• Required action:
Without the pictures, print each of the records below exactly as it appears.

• Exercise data:
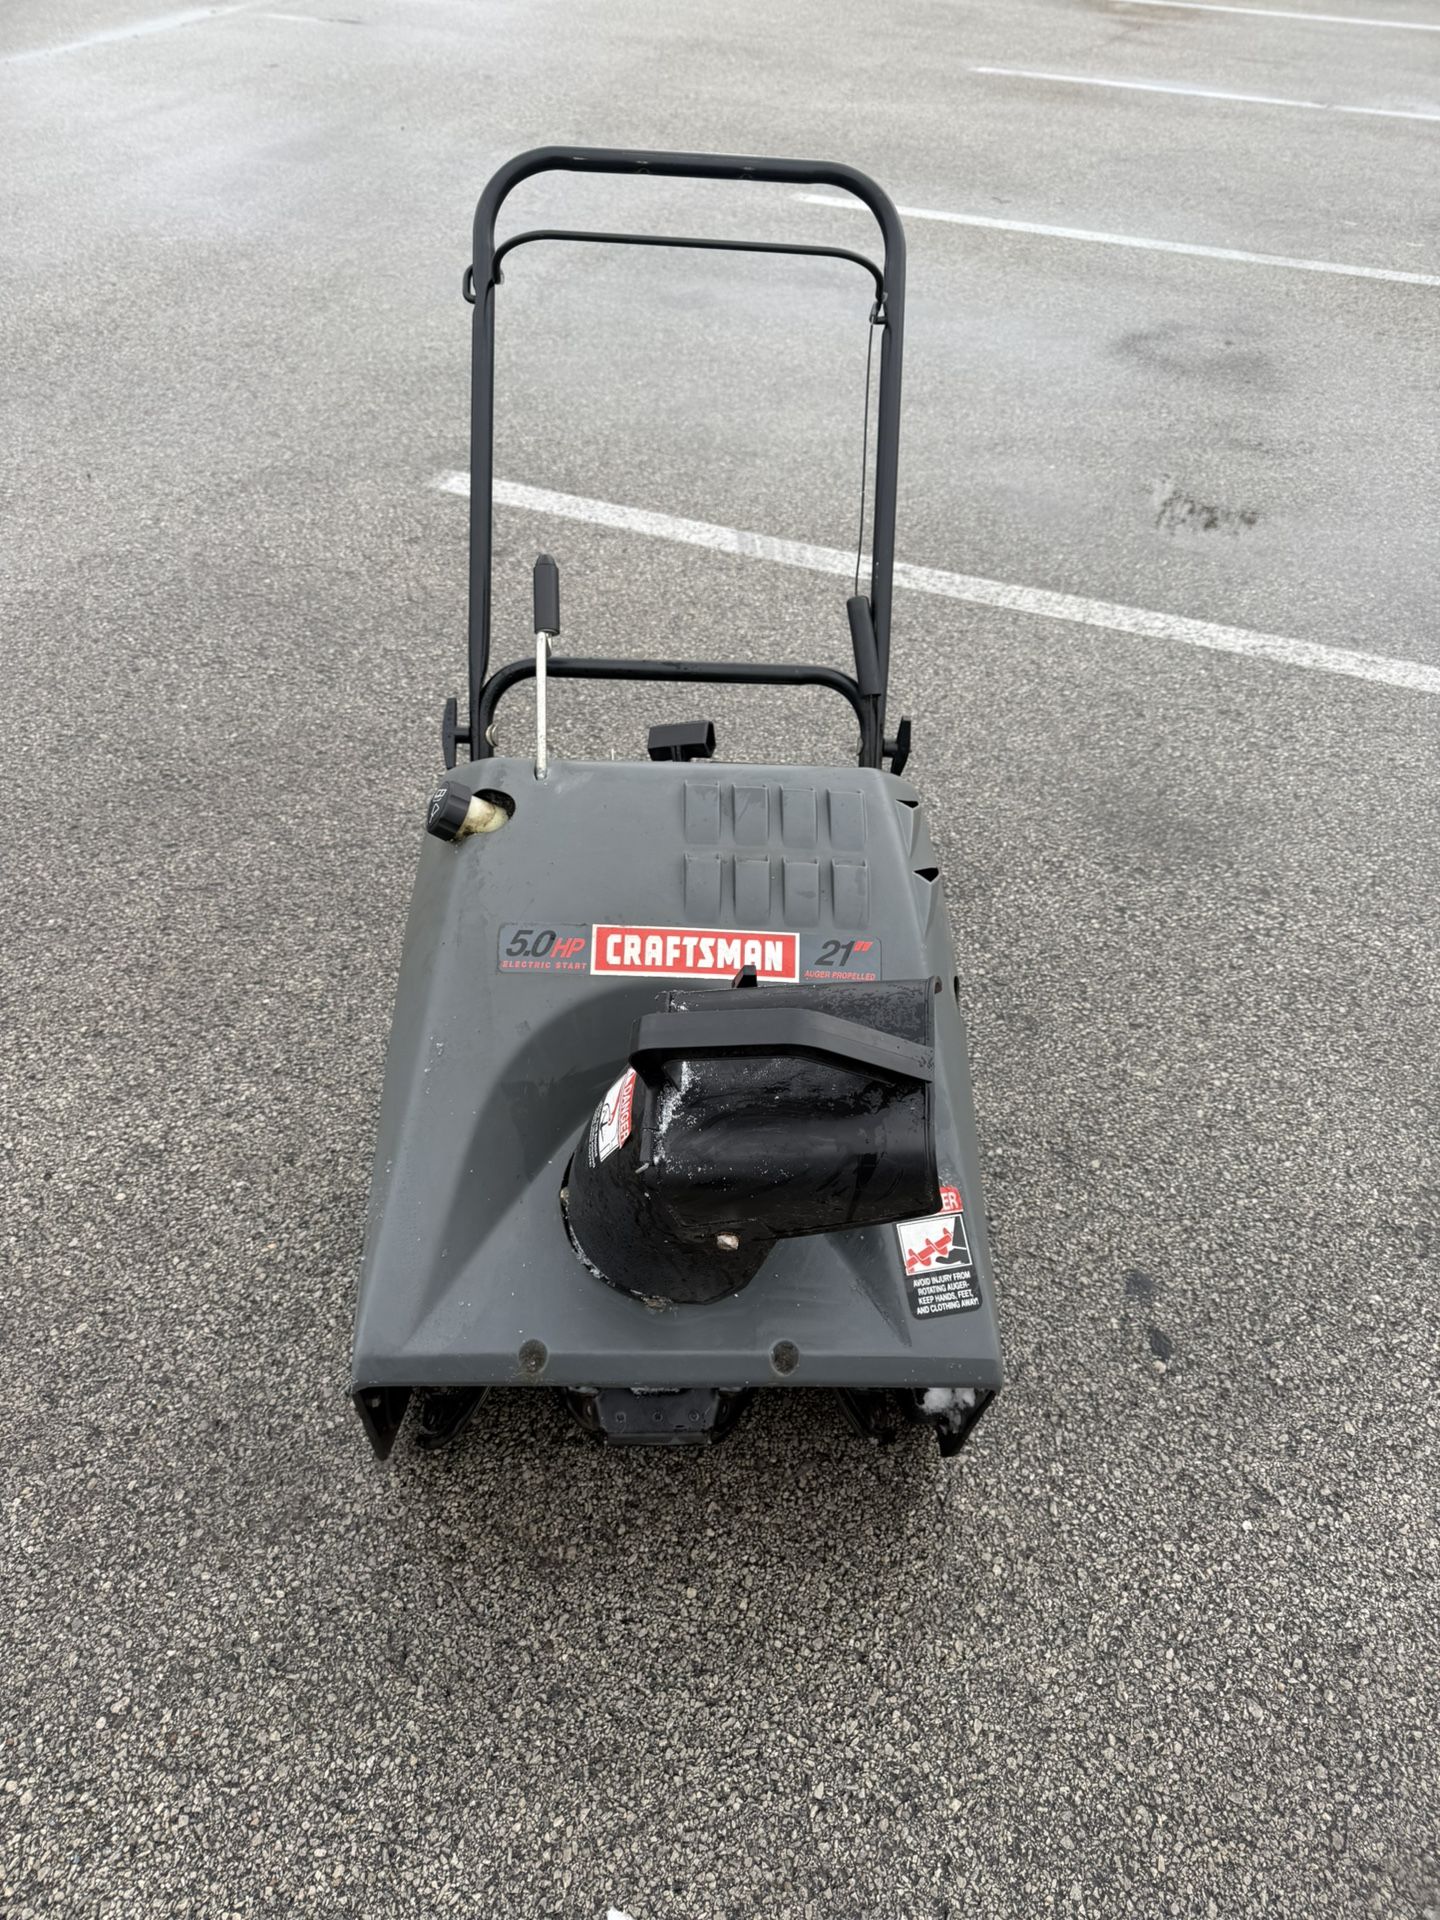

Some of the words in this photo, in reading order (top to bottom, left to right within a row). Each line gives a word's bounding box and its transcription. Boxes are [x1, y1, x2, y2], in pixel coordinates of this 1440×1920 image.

[606, 933, 783, 972] CRAFTSMAN
[502, 960, 551, 969] ELECTRIC
[555, 961, 588, 970] START
[804, 969, 832, 979] AUGER
[832, 971, 876, 981] PROPELLED
[620, 1084, 632, 1141] DANGER
[913, 1278, 930, 1287] AVOID
[931, 1274, 952, 1284] INJURY
[953, 1271, 971, 1280] FROM
[918, 1284, 946, 1295] ROTATING
[947, 1281, 970, 1291] AUGER-
[918, 1296, 934, 1305] KEEP
[957, 1289, 974, 1298] FEET,
[917, 1305, 930, 1315] AND
[930, 1301, 960, 1312] CLOTHING
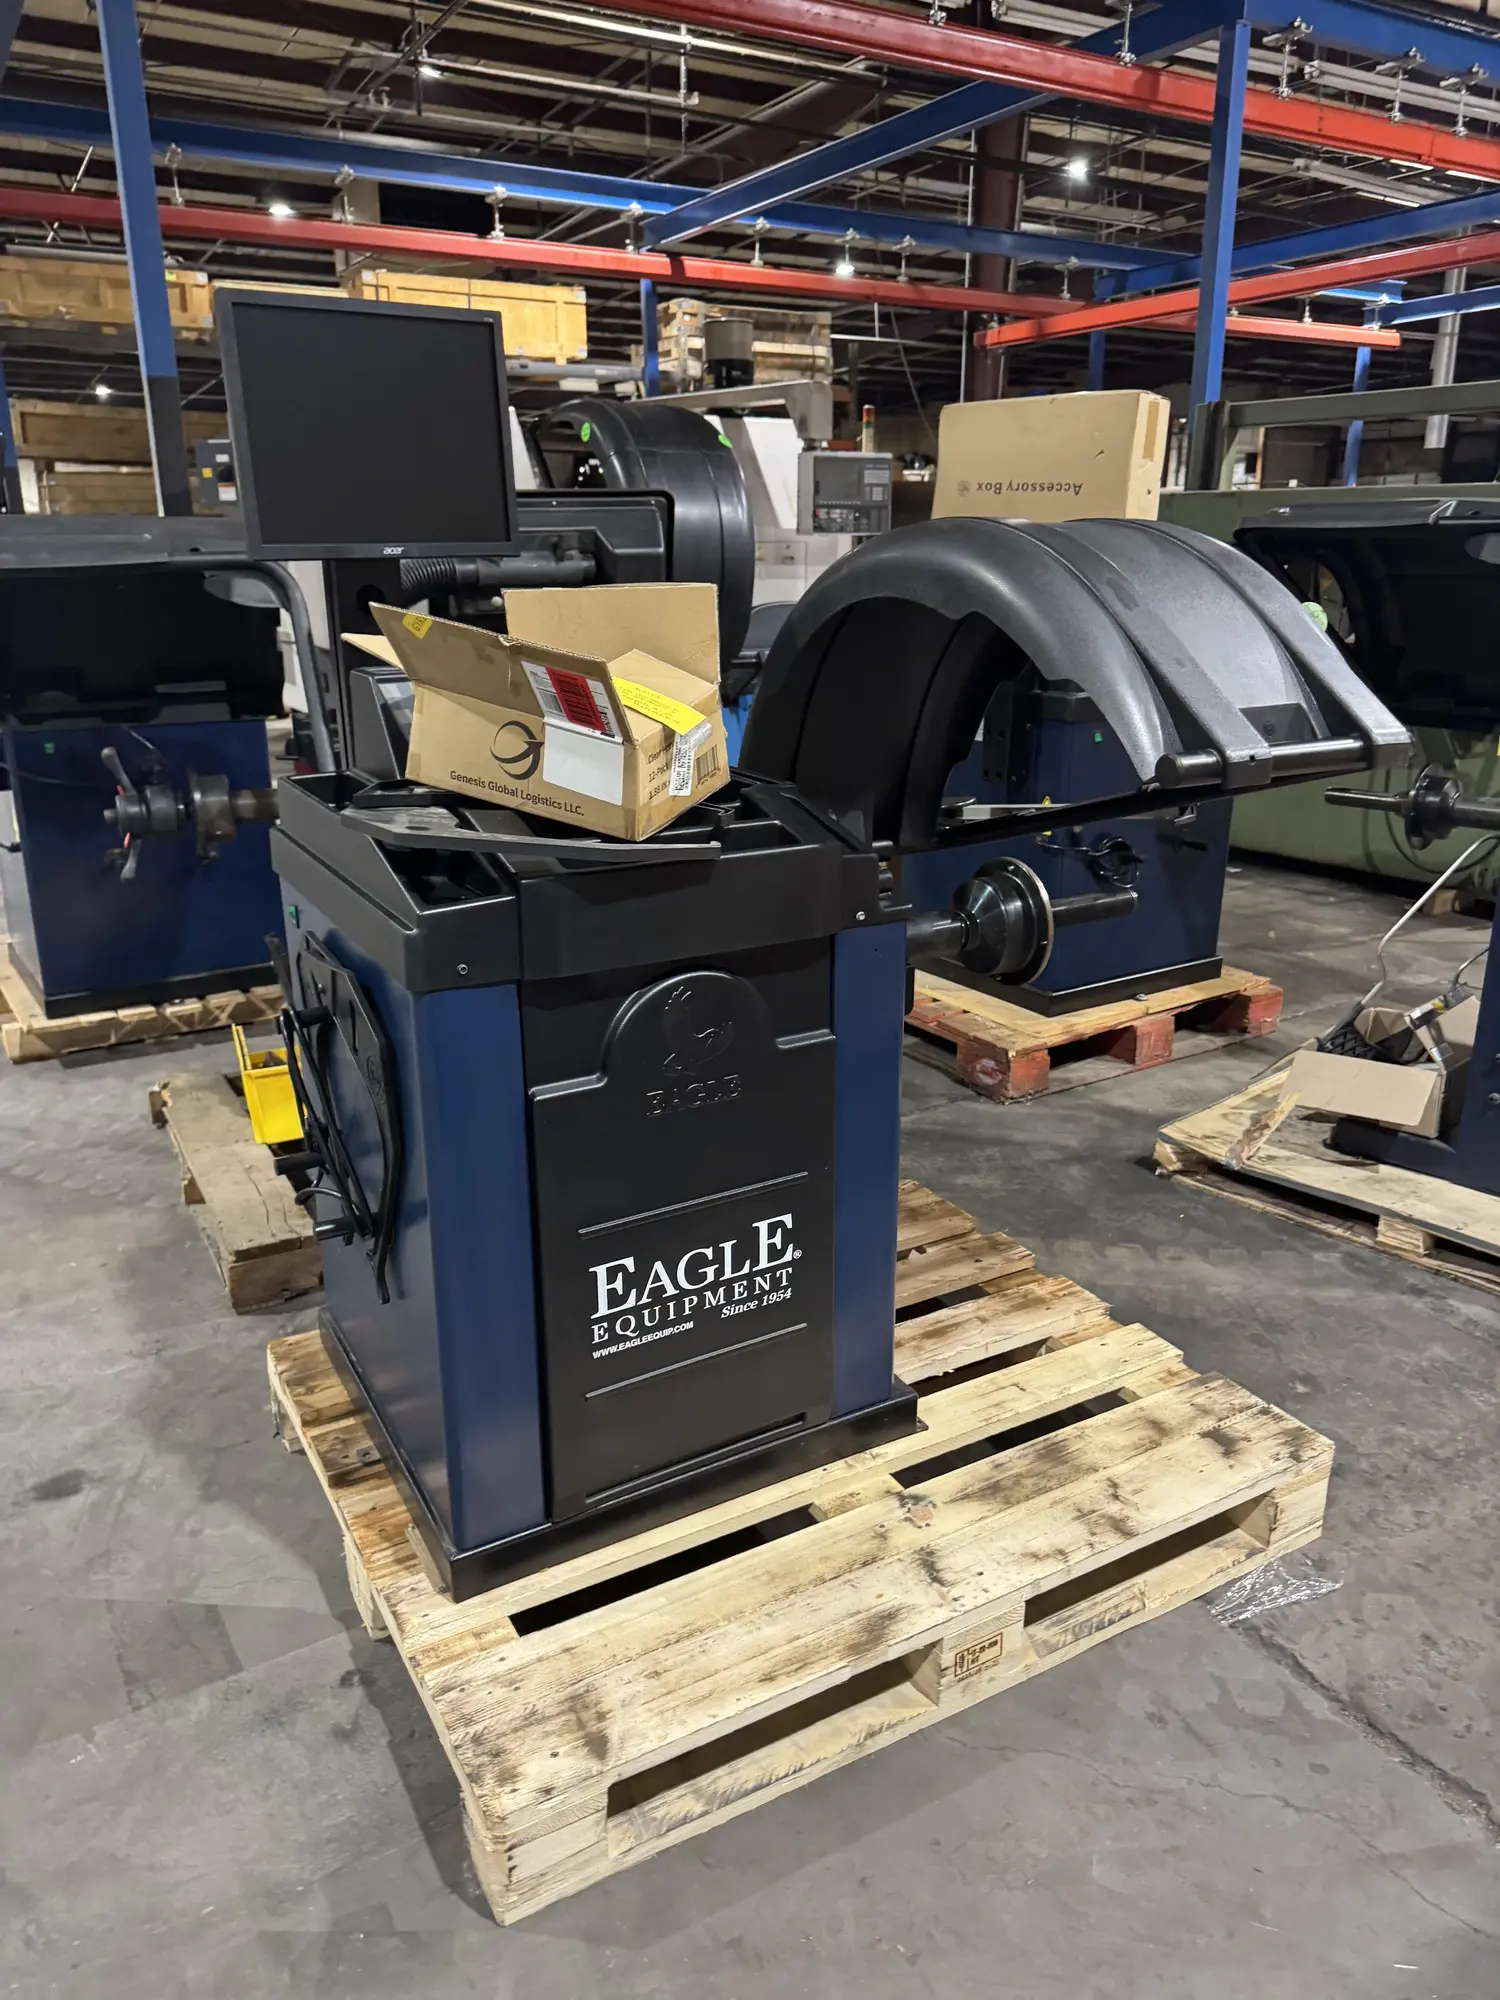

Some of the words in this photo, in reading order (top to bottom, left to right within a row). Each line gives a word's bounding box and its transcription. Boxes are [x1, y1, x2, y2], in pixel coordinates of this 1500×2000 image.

[976, 482, 1003, 495] Box
[1006, 479, 1083, 496] Accessory
[383, 546, 405, 555] acer
[450, 770, 487, 789] Genesis
[488, 780, 519, 798] Global
[520, 789, 563, 810] Logistics
[564, 803, 585, 817] LLC.
[645, 1074, 742, 1118] EAGLE
[591, 1267, 793, 1344] EQUIPMENT
[720, 1298, 758, 1319] Since
[761, 1287, 793, 1307] 1954
[592, 1320, 694, 1359] WWW.EAGLEEQUIP.COM

• Written response:
Some of the words in this photo, in reading order (top to bottom, left to right within a row). Each line gives a word's bounding box and its transcription. Boxes are [x1, y1, x2, y2], in pixel coordinates of this 1440×1920 image.

[606, 933, 783, 972] CRAFTSMAN
[502, 960, 551, 969] ELECTRIC
[555, 961, 588, 970] START
[804, 969, 832, 979] AUGER
[832, 971, 876, 981] PROPELLED
[620, 1084, 632, 1141] DANGER
[913, 1278, 930, 1287] AVOID
[931, 1274, 952, 1284] INJURY
[953, 1271, 971, 1280] FROM
[918, 1284, 946, 1295] ROTATING
[947, 1281, 970, 1291] AUGER-
[918, 1296, 934, 1305] KEEP
[957, 1289, 974, 1298] FEET,
[917, 1305, 930, 1315] AND
[930, 1301, 960, 1312] CLOTHING

Some of the words in this photo, in reading order (top to bottom, left to right within a row). Each line gives a word's bounding box and its transcription. Boxes are [x1, y1, x2, y2], in pixel coordinates of this 1500×2000 image.

[976, 482, 1003, 495] Box
[1006, 479, 1083, 496] Accessory
[383, 546, 405, 555] acer
[450, 770, 487, 789] Genesis
[488, 780, 519, 798] Global
[520, 789, 563, 810] Logistics
[564, 803, 585, 817] LLC.
[645, 1074, 742, 1118] EAGLE
[591, 1267, 793, 1344] EQUIPMENT
[720, 1298, 758, 1319] Since
[761, 1287, 793, 1307] 1954
[592, 1320, 694, 1359] WWW.EAGLEEQUIP.COM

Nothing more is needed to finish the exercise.